William Holloway House-Rosehill
William Holloway House / Rose Hill, Hillsdale Street, Richmond, Kentucky
One of Richmond’s most recognized buildings, the Holloway House is the largest example in Richmond of Greek Revival styling in a residence. Five bays, separated by brick pilasters, pierce the front facade which is laid in a Flemish bond. A plain classical entablature beneath a low-pitched gable roof surrounds this single-pile residence. The entablature and raking cornice create pediments on the gable ends. Tall, flutted Ionic columns on a three-bay two-story portico in the center of the front facade support this same entablature as well as a classical pediment. Transoms and sidelights in the central doorway are surmounted by an orate entablature having acanthus leaf detailing and are framed by simple pilasters.
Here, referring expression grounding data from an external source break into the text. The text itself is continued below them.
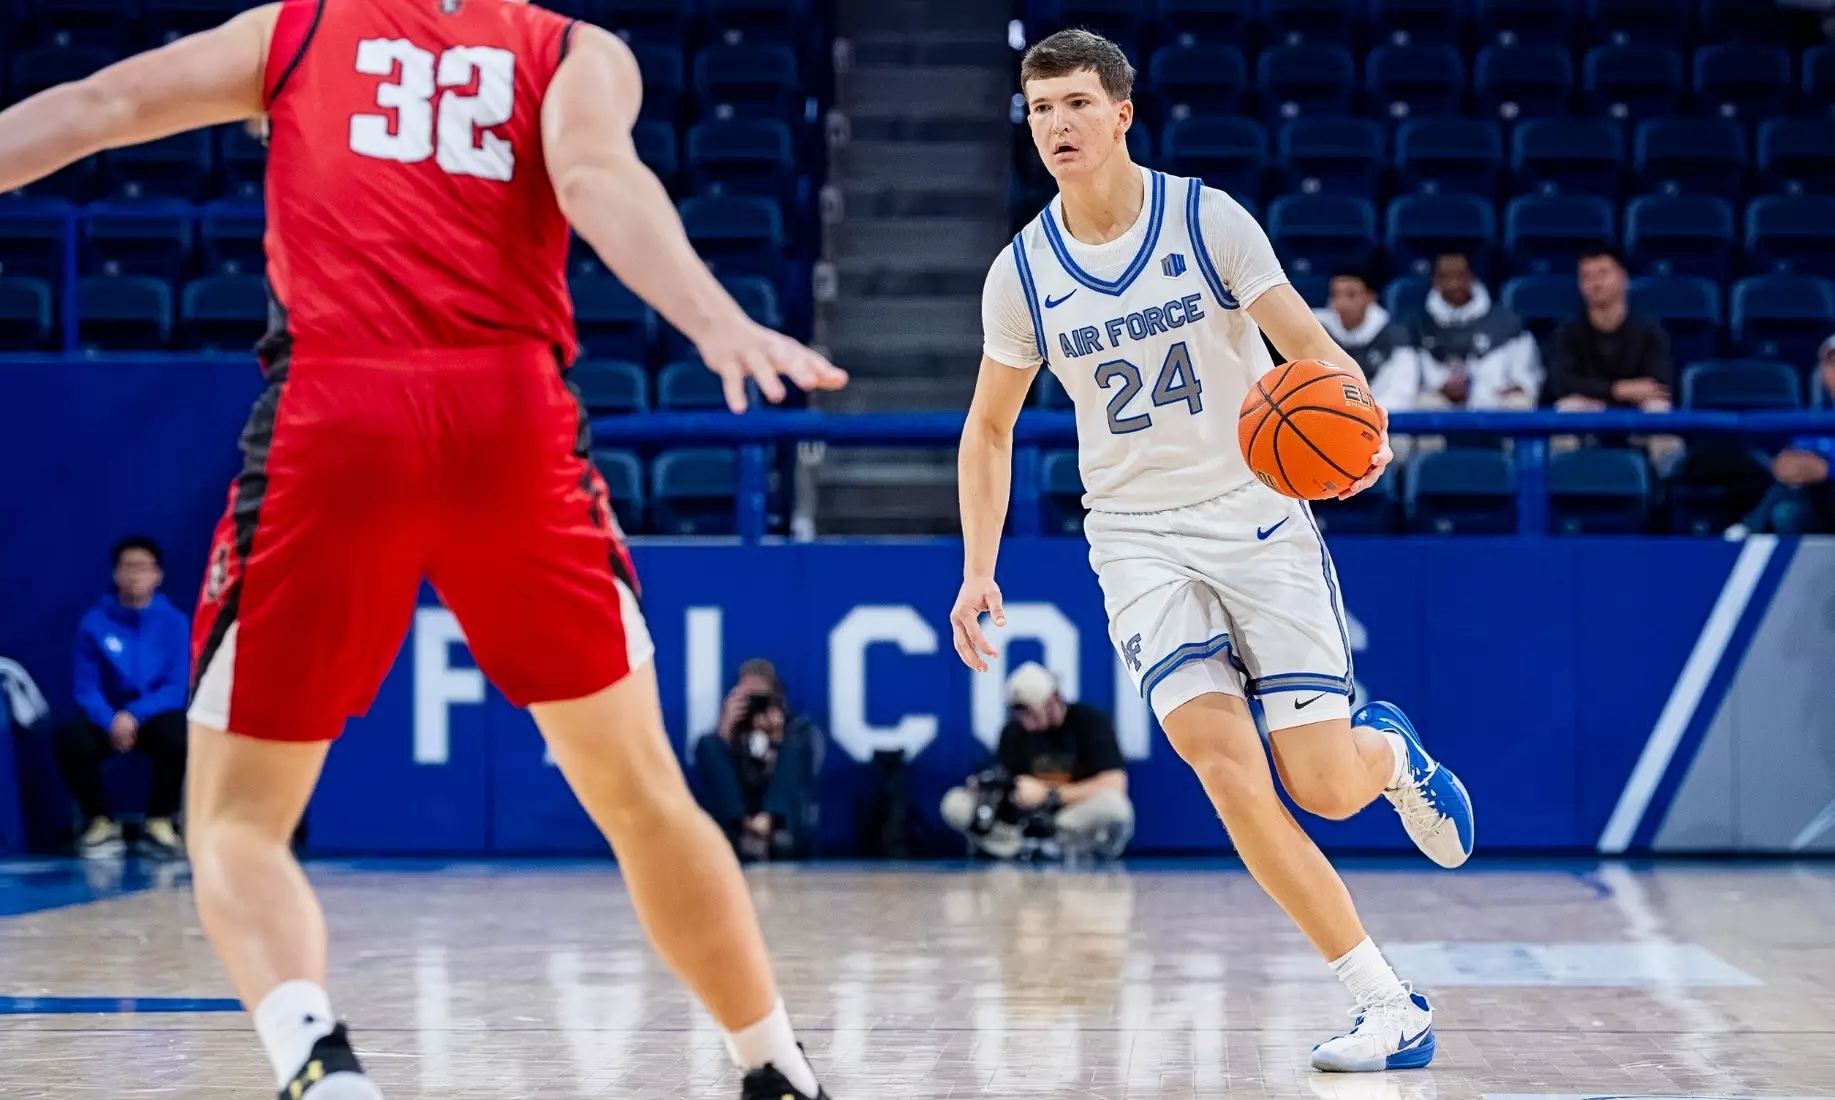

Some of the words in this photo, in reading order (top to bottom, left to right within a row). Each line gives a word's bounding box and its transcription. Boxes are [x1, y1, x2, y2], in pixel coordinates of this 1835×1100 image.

[349, 37, 516, 182] 32
[1058, 325, 1104, 358] AIR
[1104, 292, 1205, 348] FORCE
[1094, 341, 1203, 434] 24
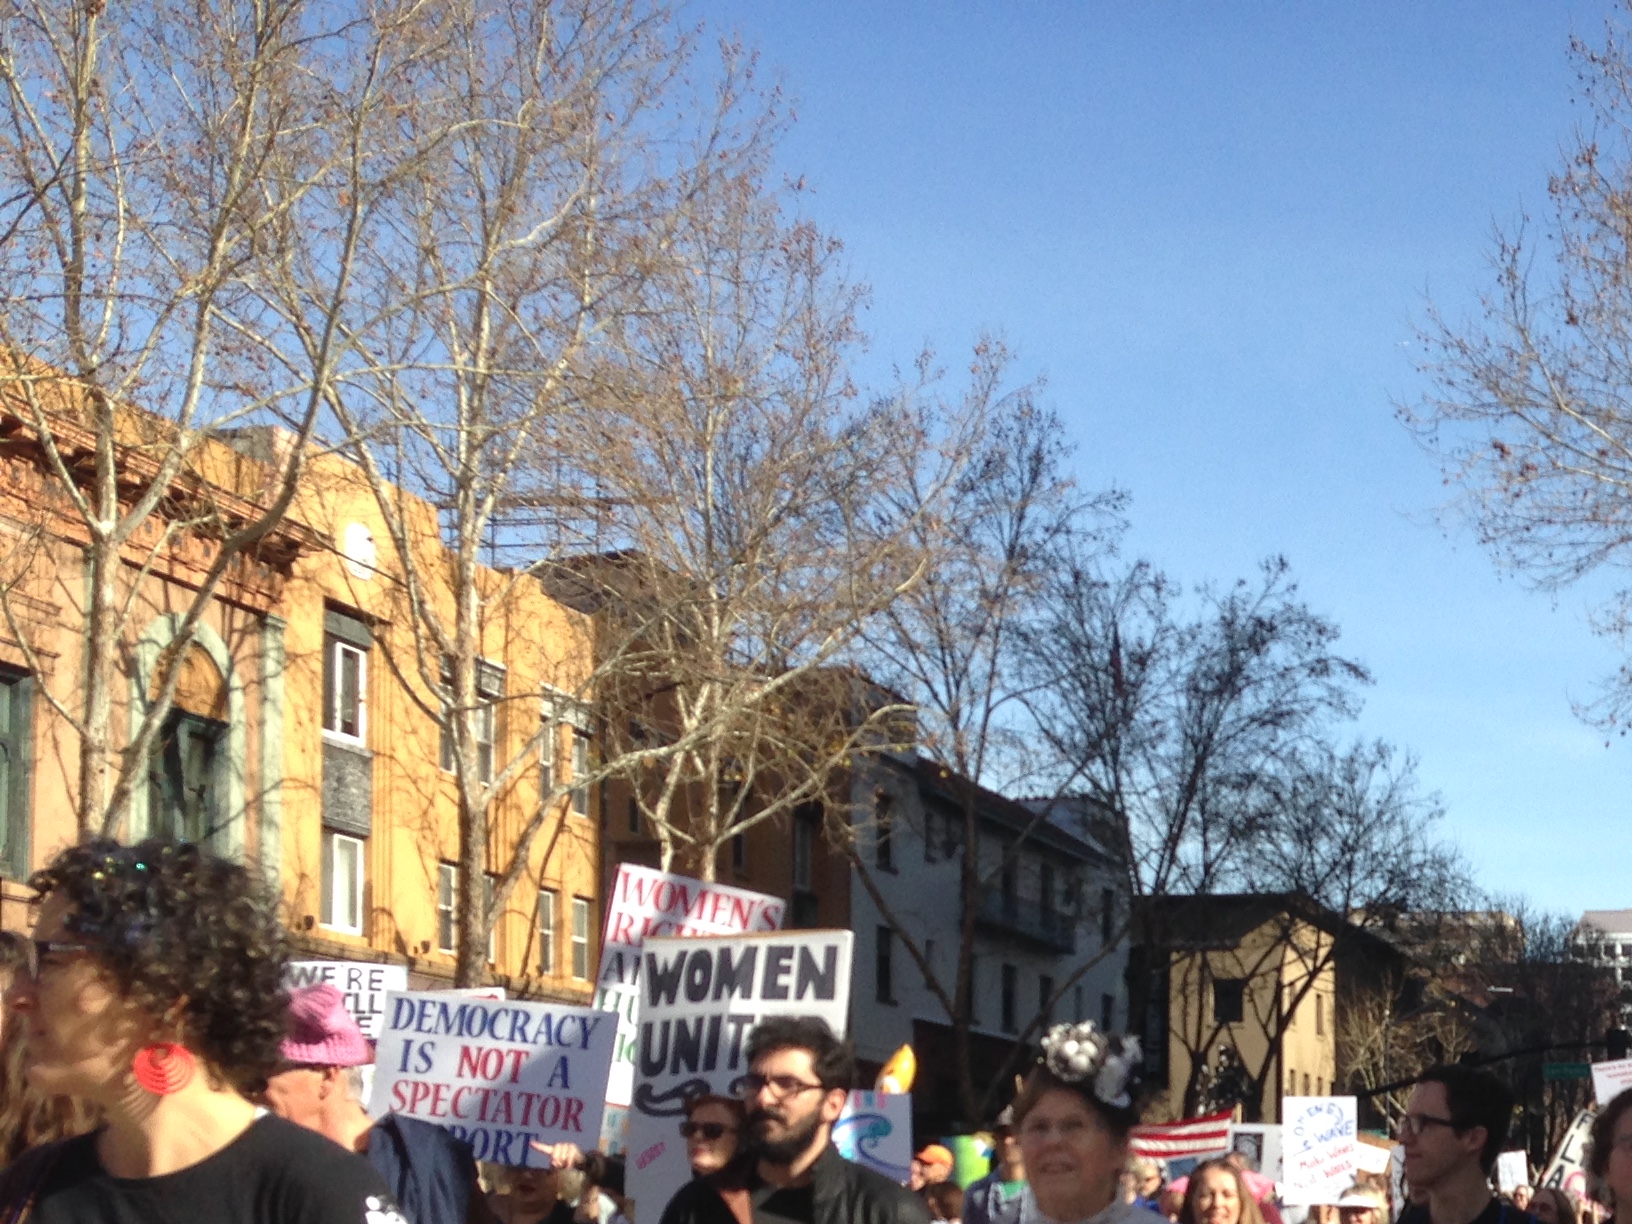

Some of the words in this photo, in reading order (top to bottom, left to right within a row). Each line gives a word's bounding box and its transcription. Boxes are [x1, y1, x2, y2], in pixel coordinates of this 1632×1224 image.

[617, 871, 780, 931] WOMEN'S
[645, 945, 838, 1008] WOMEN
[390, 997, 600, 1050] DEMOCRACY
[640, 1013, 832, 1077] UNIT
[399, 1039, 436, 1073] IS
[456, 1045, 530, 1084] NOT
[547, 1054, 570, 1090] A
[388, 1079, 585, 1133] SPECTATOR
The design for this frontispiece was adapted from drawings by Minard Lafever (1797-1854), a New York-New Orleans architect and author of several design books.
History
Originally named Rosehill, the Holloway resident once faced, uninterrupted, the entrance to the Richmond Cemetery (MASE-23) and stood on a thirty-two acre estate owned by William Holloway (1810-1883), a leading Richmond merchant, and his wife Elizabeth Field. Reputedly, Bereans were lodged in the house in 1859 while fleeing Kentucky, and it reportedly was open to Union soldiers during the battle of Richmond. Jonathan T. Estill, its second owner, was a major and paymaster in the Union Army. The house was called Estillhurst during Estill’s ownership.
The Holloway House was purchased in 1938 by the Telford community Center, a corporation devoted to civic, religious,
charitable, and social activities. Additions were made to the building in 1957. The Telford Center at the Holloway House served the community intermitantly until the late 1970s.